▶ _WHAT YOU NEED TO DO_:
Retype the records in full, and please keep the pictures out of the copy.

Text-to-region grounding data
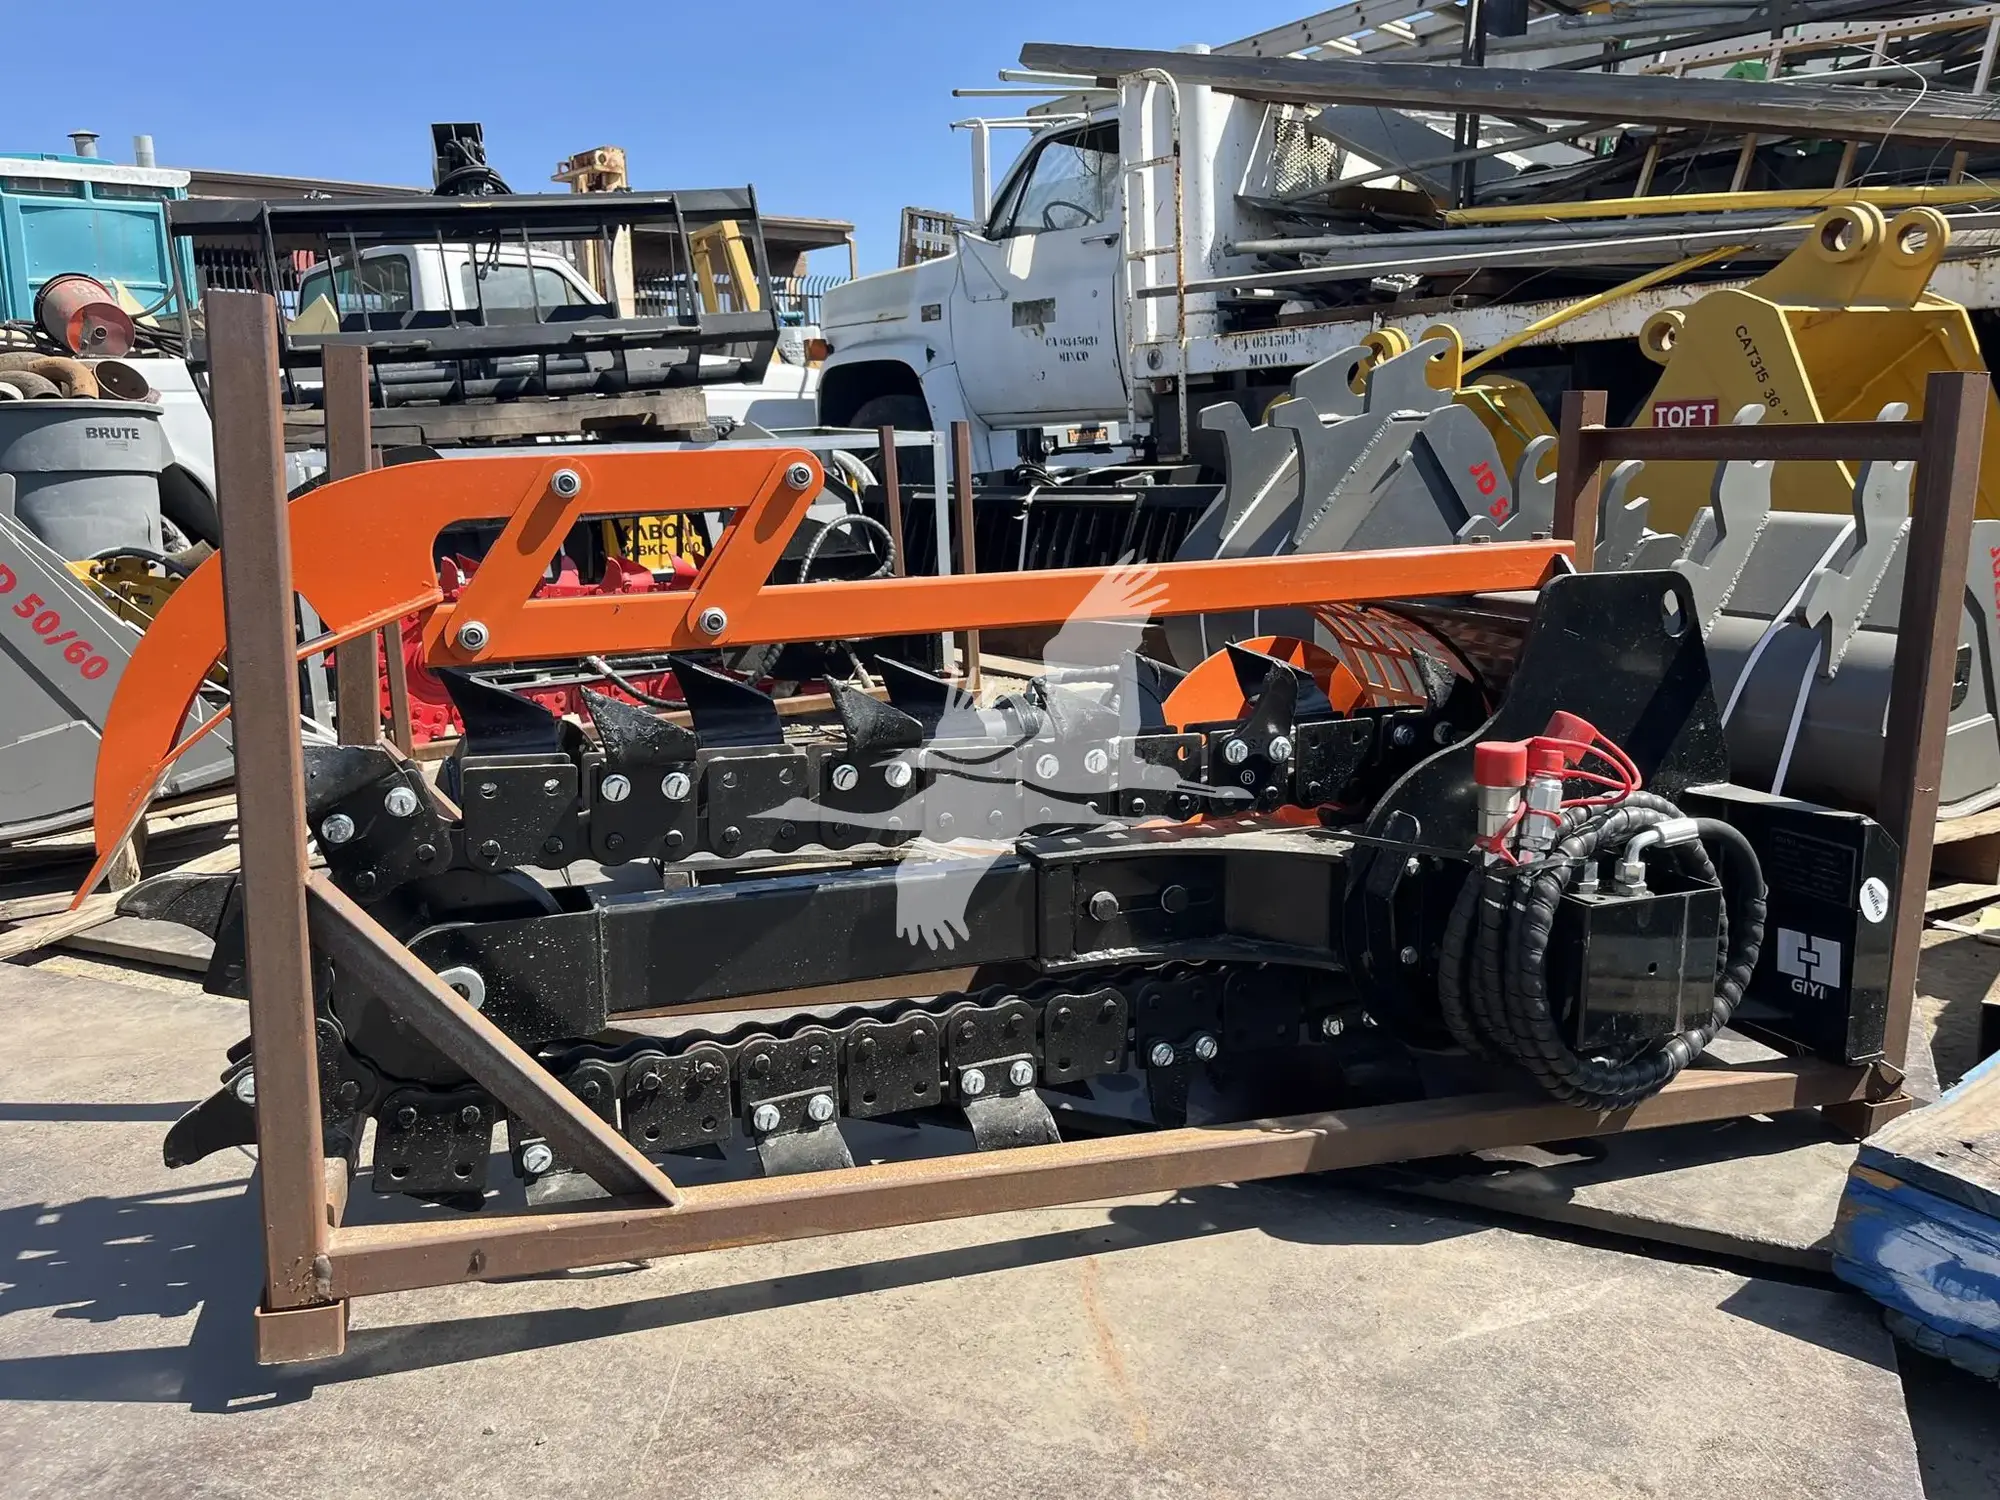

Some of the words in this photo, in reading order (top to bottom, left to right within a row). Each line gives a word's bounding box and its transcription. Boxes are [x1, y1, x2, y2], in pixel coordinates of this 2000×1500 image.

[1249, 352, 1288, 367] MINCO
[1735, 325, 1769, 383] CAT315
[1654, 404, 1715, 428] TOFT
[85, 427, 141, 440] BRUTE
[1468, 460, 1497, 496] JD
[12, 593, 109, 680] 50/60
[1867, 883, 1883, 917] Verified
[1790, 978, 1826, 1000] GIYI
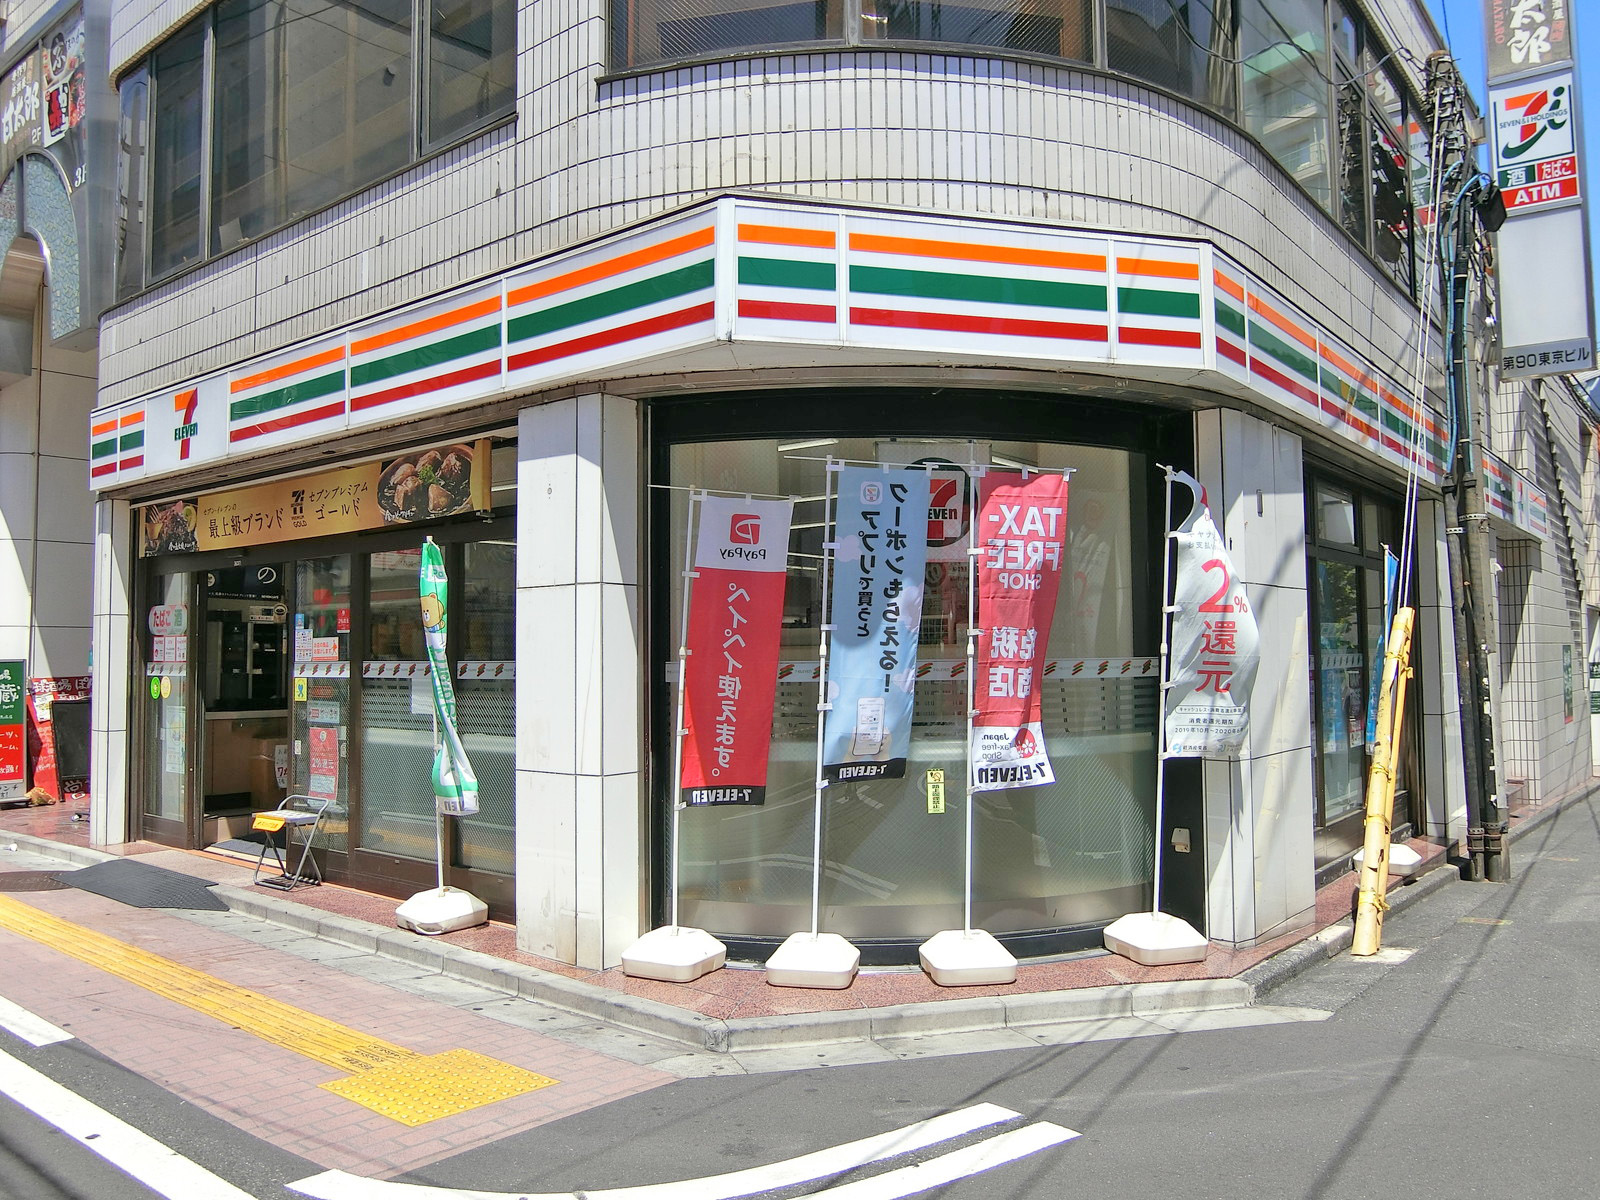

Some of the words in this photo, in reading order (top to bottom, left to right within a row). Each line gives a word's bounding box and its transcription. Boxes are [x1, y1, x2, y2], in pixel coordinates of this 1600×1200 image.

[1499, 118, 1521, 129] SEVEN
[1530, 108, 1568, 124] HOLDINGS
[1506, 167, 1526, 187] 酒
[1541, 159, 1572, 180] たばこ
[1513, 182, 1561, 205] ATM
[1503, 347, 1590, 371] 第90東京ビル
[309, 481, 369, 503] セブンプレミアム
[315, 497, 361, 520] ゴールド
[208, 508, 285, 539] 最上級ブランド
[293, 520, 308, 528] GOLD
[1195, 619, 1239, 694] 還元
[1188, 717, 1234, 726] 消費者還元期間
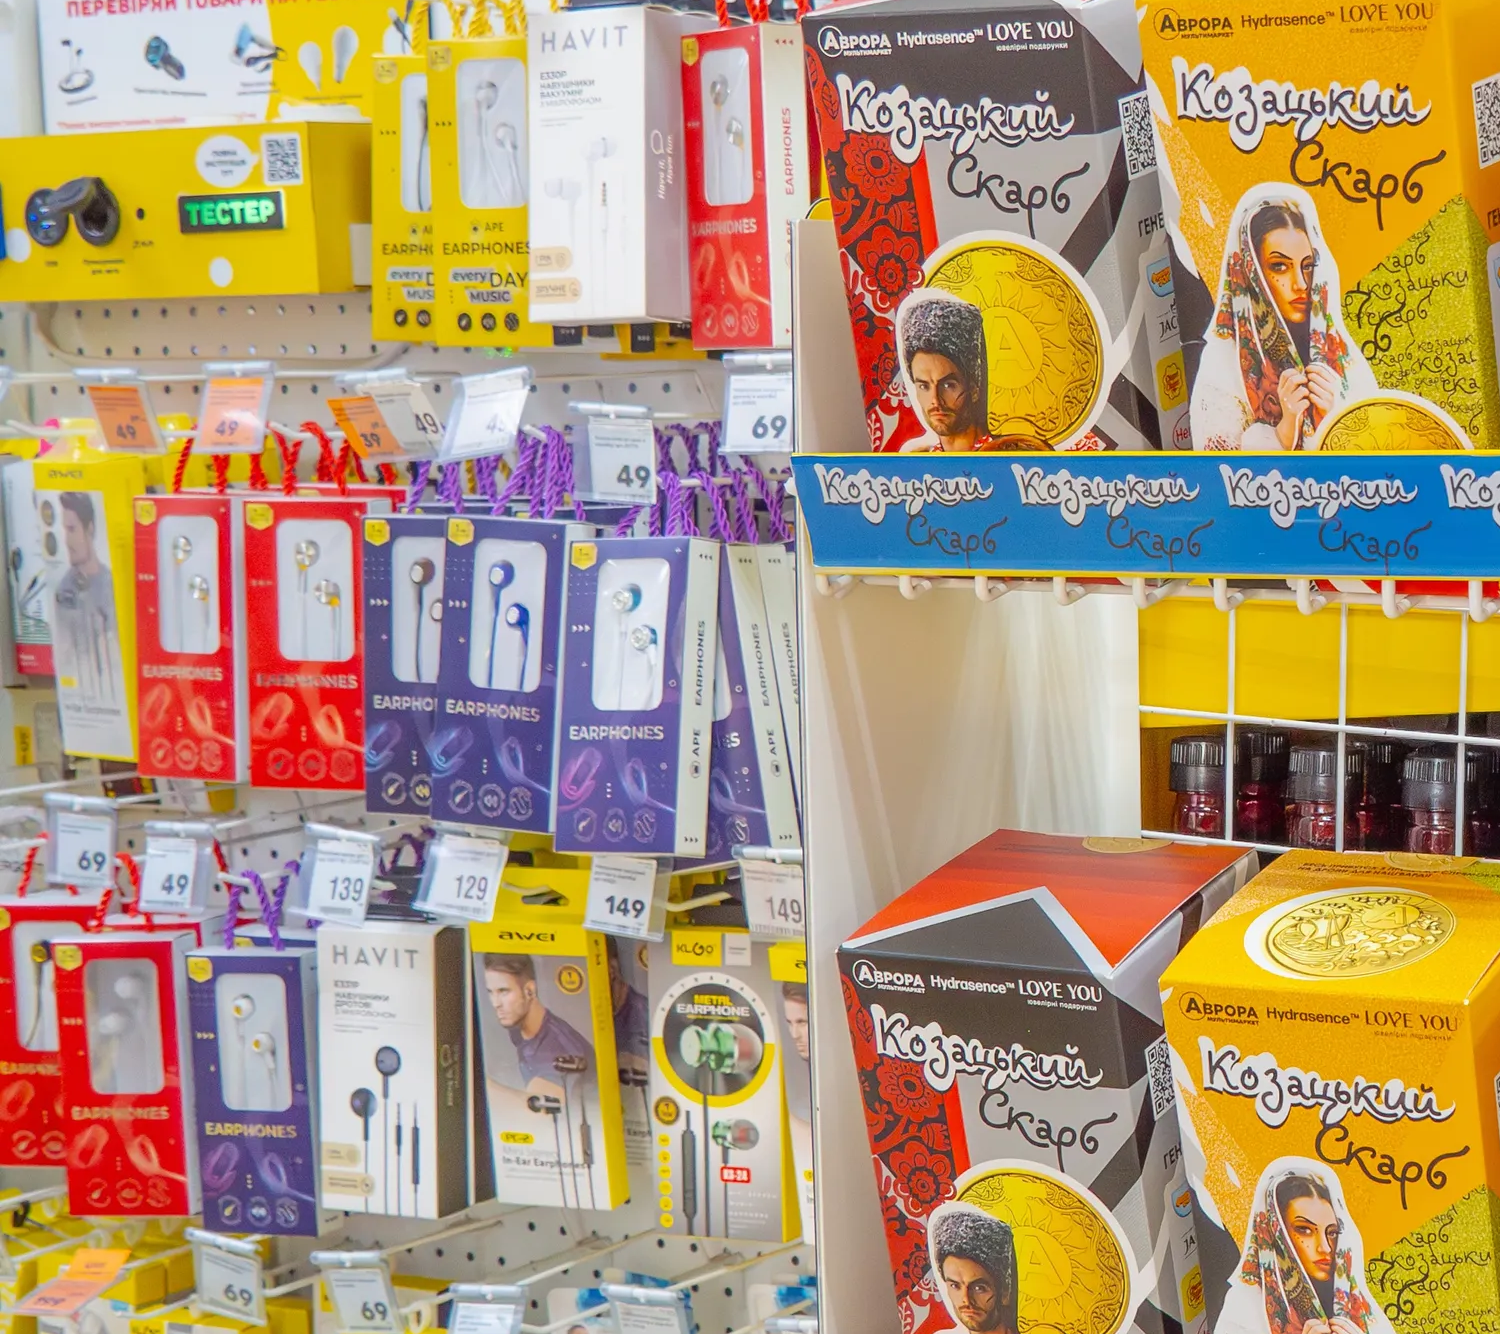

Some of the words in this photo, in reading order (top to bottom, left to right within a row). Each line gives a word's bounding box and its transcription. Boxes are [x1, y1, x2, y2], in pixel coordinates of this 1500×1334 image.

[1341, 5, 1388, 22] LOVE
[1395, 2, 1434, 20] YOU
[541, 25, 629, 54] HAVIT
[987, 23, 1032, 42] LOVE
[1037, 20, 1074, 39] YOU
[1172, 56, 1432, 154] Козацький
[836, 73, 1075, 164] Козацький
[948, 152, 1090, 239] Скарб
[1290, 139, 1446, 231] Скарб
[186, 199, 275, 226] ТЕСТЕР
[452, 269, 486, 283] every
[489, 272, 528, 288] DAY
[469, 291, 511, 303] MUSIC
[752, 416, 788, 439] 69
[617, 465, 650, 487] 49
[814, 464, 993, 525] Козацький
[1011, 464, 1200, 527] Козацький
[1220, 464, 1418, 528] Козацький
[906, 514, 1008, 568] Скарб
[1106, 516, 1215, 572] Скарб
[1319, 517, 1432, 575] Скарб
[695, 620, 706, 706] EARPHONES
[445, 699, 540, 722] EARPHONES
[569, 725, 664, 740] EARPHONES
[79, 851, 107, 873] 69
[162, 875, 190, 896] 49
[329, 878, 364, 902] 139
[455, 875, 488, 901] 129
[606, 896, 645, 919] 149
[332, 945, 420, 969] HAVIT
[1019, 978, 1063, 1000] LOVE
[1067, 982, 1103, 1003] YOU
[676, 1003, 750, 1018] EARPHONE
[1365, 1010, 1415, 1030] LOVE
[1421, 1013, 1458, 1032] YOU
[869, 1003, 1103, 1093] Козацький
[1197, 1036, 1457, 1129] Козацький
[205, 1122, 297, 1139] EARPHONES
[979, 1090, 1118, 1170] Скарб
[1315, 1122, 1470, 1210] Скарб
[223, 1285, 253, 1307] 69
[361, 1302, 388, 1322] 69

▶ _RESULT OF THE EXERCISE_:
Some of the words in this photo, in reading order (top to bottom, left to right within a row). Each line gives a word's bounding box and its transcription. Boxes are [x1, y1, x2, y2], in pixel coordinates of this 2000×1500 image.

[1249, 352, 1288, 367] MINCO
[1735, 325, 1769, 383] CAT315
[1654, 404, 1715, 428] TOFT
[85, 427, 141, 440] BRUTE
[1468, 460, 1497, 496] JD
[12, 593, 109, 680] 50/60
[1867, 883, 1883, 917] Verified
[1790, 978, 1826, 1000] GIYI

Some of the words in this photo, in reading order (top to bottom, left to right within a row). Each line gives a word's bounding box and its transcription. Boxes are [x1, y1, x2, y2], in pixel coordinates of this 1600×1200 image.

[1499, 118, 1521, 129] SEVEN
[1530, 108, 1568, 124] HOLDINGS
[1506, 167, 1526, 187] 酒
[1541, 159, 1572, 180] たばこ
[1513, 182, 1561, 205] ATM
[1503, 347, 1590, 371] 第90東京ビル
[309, 481, 369, 503] セブンプレミアム
[315, 497, 361, 520] ゴールド
[208, 508, 285, 539] 最上級ブランド
[293, 520, 308, 528] GOLD
[1195, 619, 1239, 694] 還元
[1188, 717, 1234, 726] 消費者還元期間

Some of the words in this photo, in reading order (top to bottom, left to right within a row). Each line gives a word's bounding box and its transcription. Boxes are [x1, y1, x2, y2], in pixel coordinates of this 1500×1334 image.

[1341, 5, 1388, 22] LOVE
[1395, 2, 1434, 20] YOU
[541, 25, 629, 54] HAVIT
[987, 23, 1032, 42] LOVE
[1037, 20, 1074, 39] YOU
[1172, 56, 1432, 154] Козацький
[836, 73, 1075, 164] Козацький
[948, 152, 1090, 239] Скарб
[1290, 139, 1446, 231] Скарб
[186, 199, 275, 226] ТЕСТЕР
[452, 269, 486, 283] every
[489, 272, 528, 288] DAY
[469, 291, 511, 303] MUSIC
[752, 416, 788, 439] 69
[617, 465, 650, 487] 49
[814, 464, 993, 525] Козацький
[1011, 464, 1200, 527] Козацький
[1220, 464, 1418, 528] Козацький
[906, 514, 1008, 568] Скарб
[1106, 516, 1215, 572] Скарб
[1319, 517, 1432, 575] Скарб
[695, 620, 706, 706] EARPHONES
[445, 699, 540, 722] EARPHONES
[569, 725, 664, 740] EARPHONES
[79, 851, 107, 873] 69
[162, 875, 190, 896] 49
[329, 878, 364, 902] 139
[455, 875, 488, 901] 129
[606, 896, 645, 919] 149
[332, 945, 420, 969] HAVIT
[1019, 978, 1063, 1000] LOVE
[1067, 982, 1103, 1003] YOU
[676, 1003, 750, 1018] EARPHONE
[1365, 1010, 1415, 1030] LOVE
[1421, 1013, 1458, 1032] YOU
[869, 1003, 1103, 1093] Козацький
[1197, 1036, 1457, 1129] Козацький
[205, 1122, 297, 1139] EARPHONES
[979, 1090, 1118, 1170] Скарб
[1315, 1122, 1470, 1210] Скарб
[223, 1285, 253, 1307] 69
[361, 1302, 388, 1322] 69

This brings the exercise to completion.